Summer specializes in time, slows it down almost to dream. — from “Late Summer” by Jennifer Grotz

 

******

I’m gearing up. Getting ready. Bracing myself. 

Very soon, there will be an onslaught of variations on the following:

I can’t believe it’s already Labor Day!

The summer flew by!

How is it already September?

 

Grotz’s line suggests that summertime manipulates the pace of time itself and I guess I’d agree. Afterall, I do have a habit of sinking into what I’ve come to call “the slower pace and vibe of the summer months.” Yet, I know I’ll probably be one of those poor souls spewing these banal remarks come the fourth of September this year. Can’t believe! Flew by! Already? 

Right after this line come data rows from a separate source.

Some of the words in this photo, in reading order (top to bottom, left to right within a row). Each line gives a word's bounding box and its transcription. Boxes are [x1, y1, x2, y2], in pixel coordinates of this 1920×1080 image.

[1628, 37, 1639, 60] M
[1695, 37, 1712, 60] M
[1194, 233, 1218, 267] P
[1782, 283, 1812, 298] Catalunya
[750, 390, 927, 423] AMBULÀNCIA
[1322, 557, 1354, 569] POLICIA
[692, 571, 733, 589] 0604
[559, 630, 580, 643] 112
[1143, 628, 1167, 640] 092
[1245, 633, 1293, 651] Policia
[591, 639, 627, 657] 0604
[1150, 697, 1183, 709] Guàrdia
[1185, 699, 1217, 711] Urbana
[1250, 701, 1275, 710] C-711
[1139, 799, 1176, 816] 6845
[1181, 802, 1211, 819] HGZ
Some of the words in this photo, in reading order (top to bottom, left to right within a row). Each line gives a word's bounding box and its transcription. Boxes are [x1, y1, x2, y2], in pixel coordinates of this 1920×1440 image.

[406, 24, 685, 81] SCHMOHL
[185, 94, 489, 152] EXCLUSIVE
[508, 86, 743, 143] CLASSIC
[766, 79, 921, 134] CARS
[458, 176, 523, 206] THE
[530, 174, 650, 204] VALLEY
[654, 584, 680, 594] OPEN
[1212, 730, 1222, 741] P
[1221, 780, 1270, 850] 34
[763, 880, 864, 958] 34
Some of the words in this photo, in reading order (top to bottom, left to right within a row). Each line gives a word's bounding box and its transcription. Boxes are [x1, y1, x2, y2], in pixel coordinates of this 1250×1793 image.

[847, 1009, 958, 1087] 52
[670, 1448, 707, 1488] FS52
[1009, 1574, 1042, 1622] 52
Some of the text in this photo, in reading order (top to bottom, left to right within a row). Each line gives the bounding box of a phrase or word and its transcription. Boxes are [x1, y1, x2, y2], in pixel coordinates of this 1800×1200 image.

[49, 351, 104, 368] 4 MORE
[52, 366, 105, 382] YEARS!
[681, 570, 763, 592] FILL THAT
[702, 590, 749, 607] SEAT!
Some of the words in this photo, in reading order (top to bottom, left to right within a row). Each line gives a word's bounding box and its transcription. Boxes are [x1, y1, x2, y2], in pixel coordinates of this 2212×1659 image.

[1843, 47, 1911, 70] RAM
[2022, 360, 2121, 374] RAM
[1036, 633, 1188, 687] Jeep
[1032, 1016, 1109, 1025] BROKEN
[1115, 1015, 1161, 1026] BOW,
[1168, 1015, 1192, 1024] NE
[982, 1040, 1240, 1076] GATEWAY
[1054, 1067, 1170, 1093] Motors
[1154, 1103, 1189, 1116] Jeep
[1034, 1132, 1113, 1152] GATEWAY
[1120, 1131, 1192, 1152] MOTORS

I do it, too. All the time.

Speaking of time, Kai Winding, Jimmy Norman, Irma Thomas and, perhaps the most widely known music makers, The Rolling Stones, crooned and harmonized Jerry Rogovy’s “Time Is On My Side”, reminding us, in a make-it-a-double sort of way:

Time is on my side, yes it is

Time is on my side, yes it is.

But. Is it?

With so much to see, do, consume, and engage with (I use this overused banality, too) on the daily, how on earth do we get anything done? And because this is a column for writers, I’ll make it a double, once again: How on earth do we writers get words on the page? What does time have to do with it? 

******

Last August, for this column, I wrote about food, feeding, and, as always, words. In that piece, I revealed that despite being very bad at watching shows (a fact that still bewilders me since I watched a ton of television as a kid), I had a personal breakthrough and finished all of Season One of The Bear. “It’s all food and fuck you and family wrapped up in mostly kitchen scenes that are beyond electric,” was how I put it. Fast forward to just one night ago.  It was The Bear again—this time Season Two--and Episode 6, entitled “Fishes.” Let’s just say, once more, it was all food and fuck you and kitchen drama, but this time with even more heartache and heartbreak than before. (It’s a very intense episode and one that hit nerves and buttons. I am an Italian American woman who was once an Italian American girl who, like Carmy Berzatto and his siblings, watched dishes smash and shatter on walls, floors and tables during a few Christmas Eve holidays.) There was something in the Berzatto Christmas Eve kitchen, an object that turned out to be a motif in the show’s story: the kitchen timer, with its shrill sound and gravy-stained face. “Her livewire emotions are represented by a cooking timer ringing like a siren,” Esther Zuckerman wrote in GQ, referring to this episode and the qualities of the character of Carmy’s mother, played by Jamie Lee Curtis.

That kitchen timer.

Might it, or a preferred version of it--sans gravy and wine stains--be used in the writing life? 

Here’s something to try:

  1. For one month (or any span of time that seems reasonable and realistic, some may want more than a month, some less) designate a timer, a time and a place. Think this through so it is not something that is over-the-top, pie-in-the-sky. Maybe you stay in your home and use a kitchen timer. Maybe you go to the diner and use the timer on your phone. Maybe it’s the park or the beach or your local library. You decide. You create the office space.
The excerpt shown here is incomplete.